Slippin’ away… headin’ out to L.A.
Gonna sing in the city tonight…

Wait, I know this voice… that’s Richie Furay from Buffalo Springfield… no one in the bar knew anything, it was a mixtape of unknown origin.

Got back home and dug around (pre-internet, y’know) and it was Richie Furay, now with Poco, on a poignant album, Crazy Eyes.

But it’ll always be the beer and burger Slippin’ Away song:

Pleased to hear that!

j

Were there a lot of Amish there?

" In-A-Gadda-Da-Vida" In a Portland elevator three years ago.

The church my wife worked for 12 years ago was preparing their big Easter cantata. She was conducting and playing piano and I ran the soundboard for practices when the regular guy couldn’t make it. There was one song – I don’t know the title – that I recognized while having lunch at the Chik-fil-A a year or so later.
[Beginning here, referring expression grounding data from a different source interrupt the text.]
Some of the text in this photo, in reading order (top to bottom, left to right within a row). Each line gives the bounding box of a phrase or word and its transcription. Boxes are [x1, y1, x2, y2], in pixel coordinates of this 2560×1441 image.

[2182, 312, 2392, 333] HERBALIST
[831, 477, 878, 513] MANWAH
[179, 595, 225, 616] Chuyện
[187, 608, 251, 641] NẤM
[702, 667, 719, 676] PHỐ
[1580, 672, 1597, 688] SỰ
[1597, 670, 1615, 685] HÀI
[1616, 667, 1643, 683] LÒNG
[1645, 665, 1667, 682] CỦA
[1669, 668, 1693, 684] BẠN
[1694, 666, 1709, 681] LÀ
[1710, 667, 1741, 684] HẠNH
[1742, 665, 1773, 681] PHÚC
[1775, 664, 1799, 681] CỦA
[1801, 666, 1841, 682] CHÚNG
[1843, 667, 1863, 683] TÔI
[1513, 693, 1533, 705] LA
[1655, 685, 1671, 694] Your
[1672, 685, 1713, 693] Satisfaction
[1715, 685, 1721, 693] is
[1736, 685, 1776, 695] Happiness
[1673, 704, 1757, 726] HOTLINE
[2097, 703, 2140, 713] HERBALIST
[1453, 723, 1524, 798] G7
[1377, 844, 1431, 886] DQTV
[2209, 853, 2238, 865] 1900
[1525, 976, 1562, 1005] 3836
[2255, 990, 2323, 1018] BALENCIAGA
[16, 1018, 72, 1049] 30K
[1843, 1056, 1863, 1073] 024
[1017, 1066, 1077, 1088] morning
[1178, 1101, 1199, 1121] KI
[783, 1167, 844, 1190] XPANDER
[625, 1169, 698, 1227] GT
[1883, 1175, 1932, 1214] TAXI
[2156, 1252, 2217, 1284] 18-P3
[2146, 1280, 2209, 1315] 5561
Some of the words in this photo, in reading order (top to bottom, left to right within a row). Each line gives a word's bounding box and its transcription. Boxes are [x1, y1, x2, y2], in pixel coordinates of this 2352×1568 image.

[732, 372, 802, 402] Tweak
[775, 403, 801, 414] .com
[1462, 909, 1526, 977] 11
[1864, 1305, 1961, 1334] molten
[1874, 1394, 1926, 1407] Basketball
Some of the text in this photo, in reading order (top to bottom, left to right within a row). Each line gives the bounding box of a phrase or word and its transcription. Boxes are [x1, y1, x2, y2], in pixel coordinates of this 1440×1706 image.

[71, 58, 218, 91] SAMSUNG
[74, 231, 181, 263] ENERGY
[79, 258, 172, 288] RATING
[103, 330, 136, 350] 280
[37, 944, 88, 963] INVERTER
“Cat’s in the Cradle,” as the hold music at a pediatrician’s office.

Not a one.

I remember being a little bit surprised years ago when I realized the music NPR was playing in between programs was a smooth jazz cover of Pearl Jam’s “Jeremy”.

Being fitted for contact lenses back in 1972, the eye clinic’s Muzak started playing an instrumental version of the theme from Star Trek.

First and only time I’ve ever heard it outside of TV.

Just this morning in Dunelm, Shoreham (“Home Furnishings”) my distracted consciousness gradually realized that the muzak they were playing was…Changes by David Bowie. Good Lord.

j

I was at work a number of years ago, when we realized the muzak was playing a version of the theme to Sesame Street. One of my co-workers was incensed. “What do they think we are - a bunch of babies?”

Shopping at Highland Farms a couple of years ago, the Muzak started playing a tune that took me a few seconds to identify.

It was “Tommy” by The Who, which I probably hadn’t heard since I played it on the trombone in my High School’s marching band.